Art, on the other hand, is more personal. If somebody rejects my art, I take it
personally. That’s what makes art so
beautiful though. It’s a projection of
one’s soul onto a more tactile medium, whether it be canvas, music or
film. The risk involved in the
autobiographical mode is not only terrifying, but also very admirable. I’ve only recently come to realize that
nobody is perfect. I’ve held several
people up on a pedestal but have come to realize that even those people have
emotional baggage or that they’ve made serious errors. The vulnerability that the autobiographical
mode often portrays is in many ways an indication of the filmmaker’s strength. Nobody likes admitting they’re weak. I know this from experience. But admitting one’s defeat is really the
first step toward improvement, for both the artist and the audience.

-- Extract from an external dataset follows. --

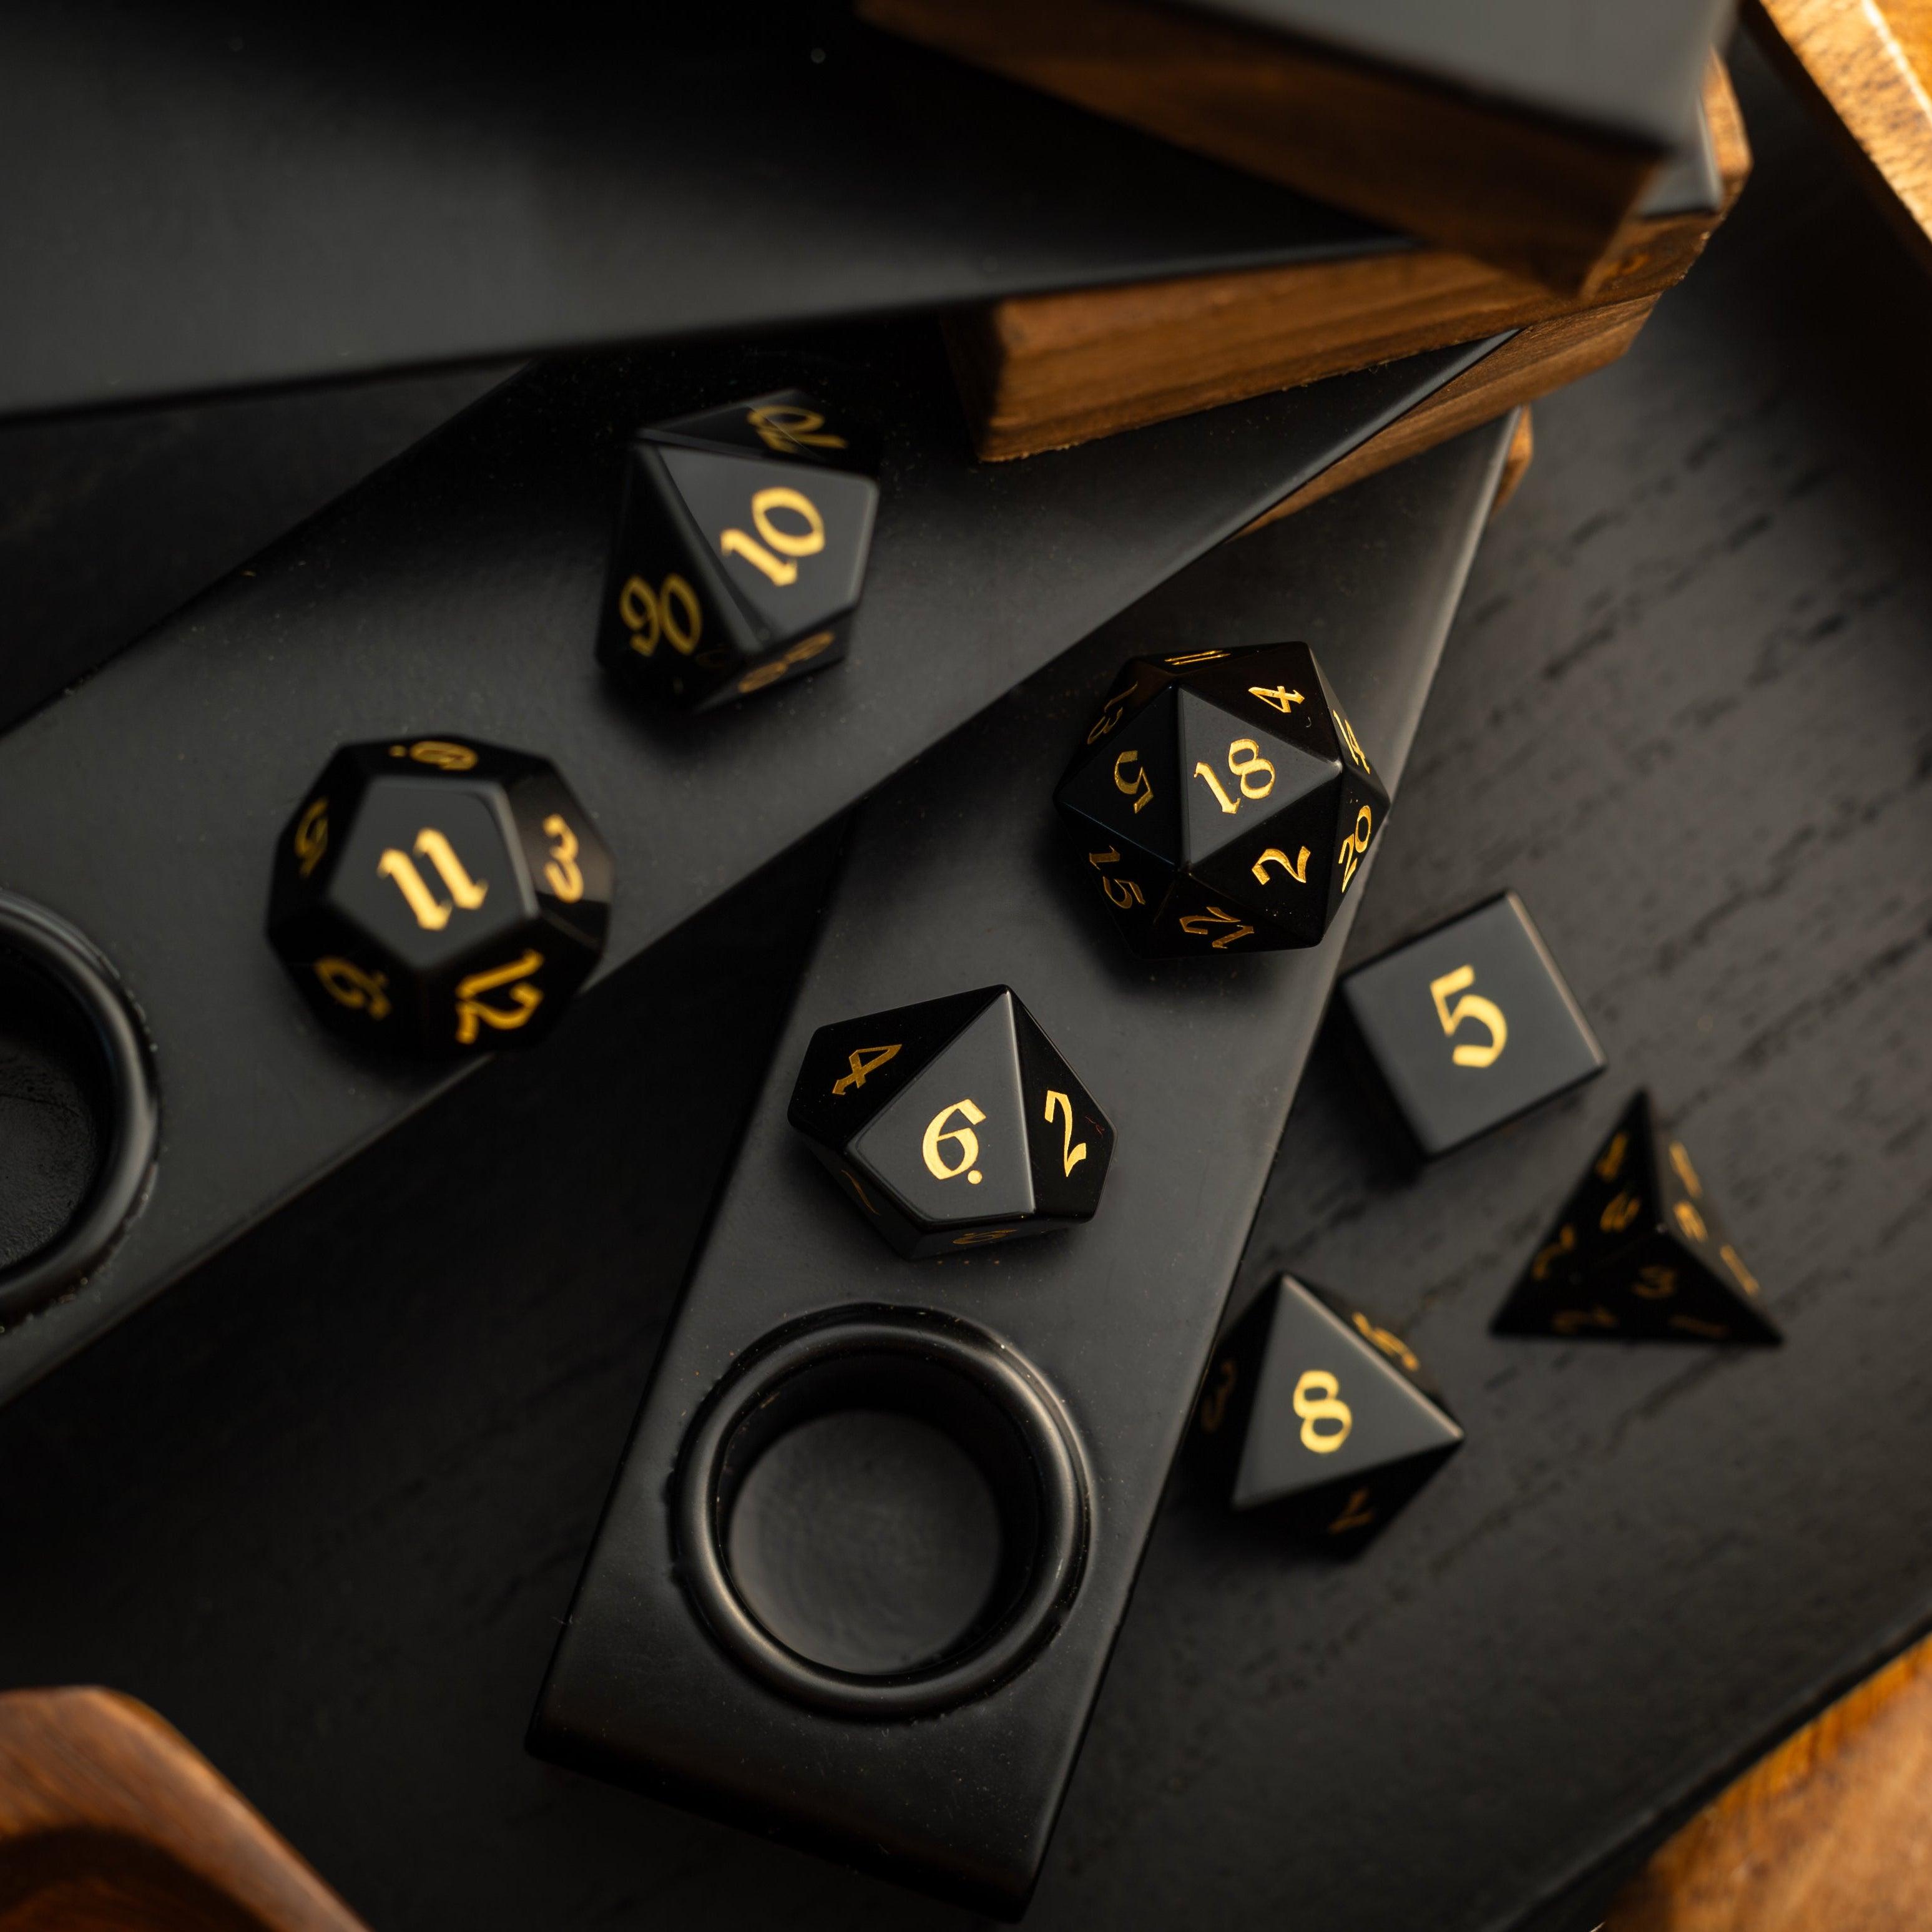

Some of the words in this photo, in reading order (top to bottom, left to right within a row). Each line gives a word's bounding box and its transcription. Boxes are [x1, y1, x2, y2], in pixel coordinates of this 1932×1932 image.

In this activity, I attempted to show myself as I really
am. Fox makes special note in his book that "at its best, the autobiographical mode not only closes the gap between photographer and subject but also the space between filmmaker and audience- brought together through a subjective familiarity and an invitation to know the "I" behind the camera." Sometimes I’m crassly sarcastic, other times I'm annoyingly smarmy and
other times I’m an emotional infant. But whatever. That's me. I’m
not perfect and I’m not really ashamed of that anymore. I try to embrace the experiences that have
made me who I am, yet still aspire to be better. There’s no shame in that. In a lot of ways, these pictures and
explanations show me in some of my most naked states (not actually naked-
pervs). And that naked state is what
allows for an actual message to come through.
What is that message? I’m leaving
that up to the audience. For me though,
I’m just trying to say “This is me.” And
you know what? I feel pretty good about
that.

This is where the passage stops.